The bare defun-prompt-regexp (as used in CC Mode) matches the entire
line except the terminating ;.  This regexp could do with some
amendment, but it is not the main cause of the bug.

To solve the bug, I'm amending the macro c-beginning-of-defun-1 so that
it only stops at a debug-prompt-regexp position when it also found a {.
Otherwise it will keep looping until it finds a better position or BOB.

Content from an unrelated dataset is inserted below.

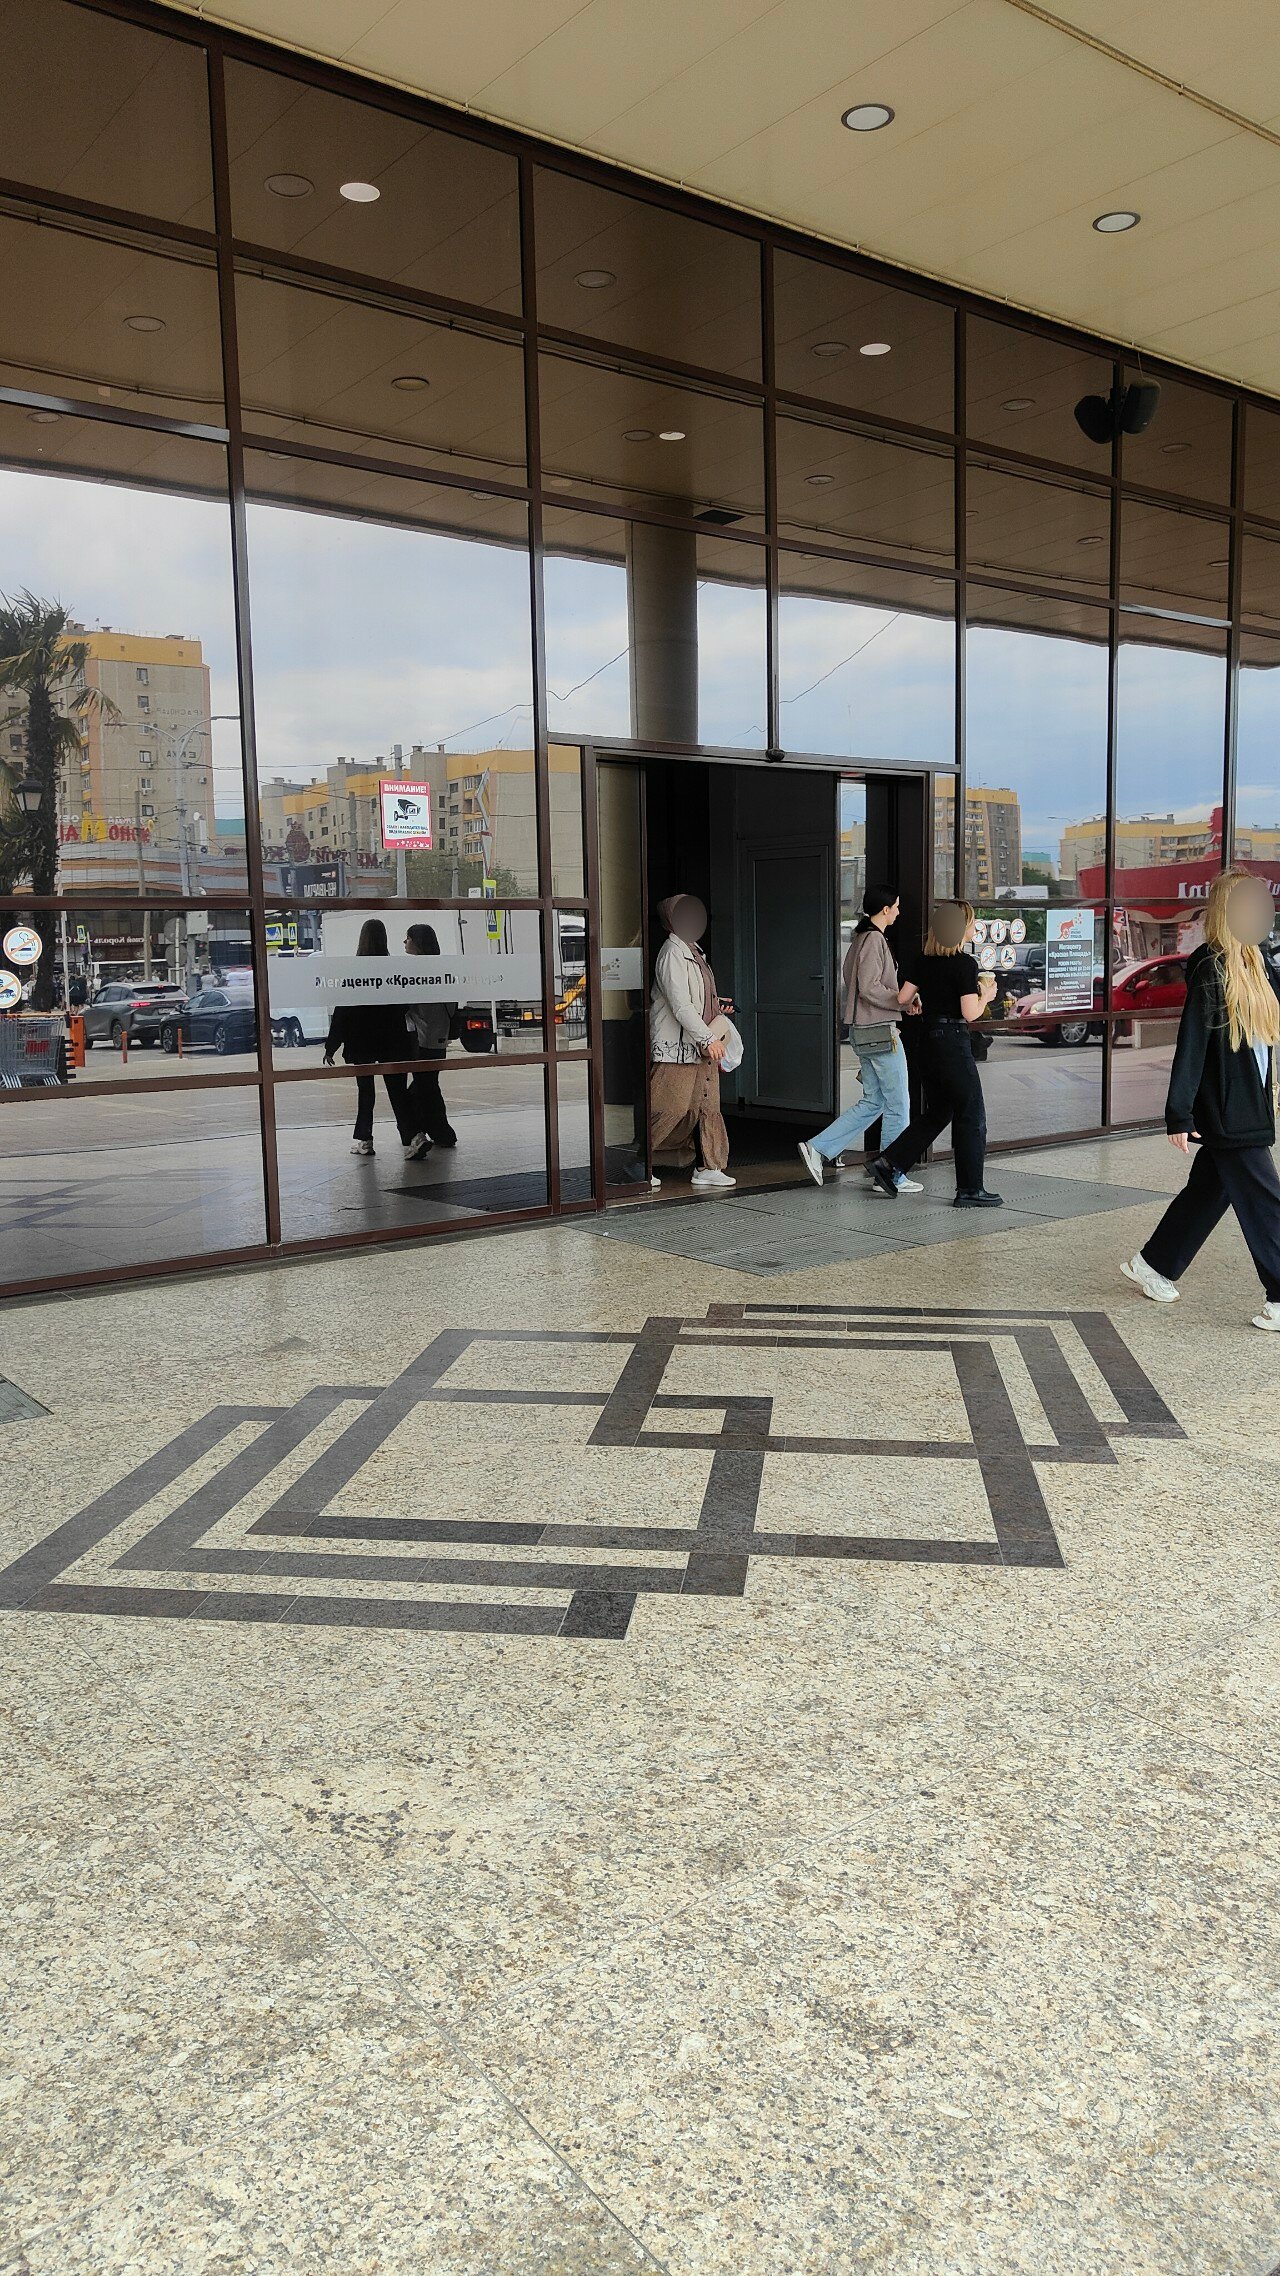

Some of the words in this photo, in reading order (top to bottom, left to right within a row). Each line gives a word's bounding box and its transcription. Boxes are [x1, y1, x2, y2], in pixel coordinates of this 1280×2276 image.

[384, 784, 427, 793] ВНИМАНИЕ!
[315, 975, 382, 990] Мегацентр
[385, 974, 441, 988] «Красная

Would all concerned please apply the attached patch to the Emacs master
branch, directory lisp/progmodes.  Then please byte compile CC Mode in
full (a macro has been changed), and try the result on your real Java
code.  (If anybody wants any help applying the patch or byte compiling,
feel free to send me private mail.)  Then please confirm that the bug is
indeed fixed.  Thanks!

-- 
Alan Mackenzie (Nuremberg, Germany).


[-- Attachment #2: diff.20231013.diff --]
[-- Type: text/plain, Size: 3677 bytes --]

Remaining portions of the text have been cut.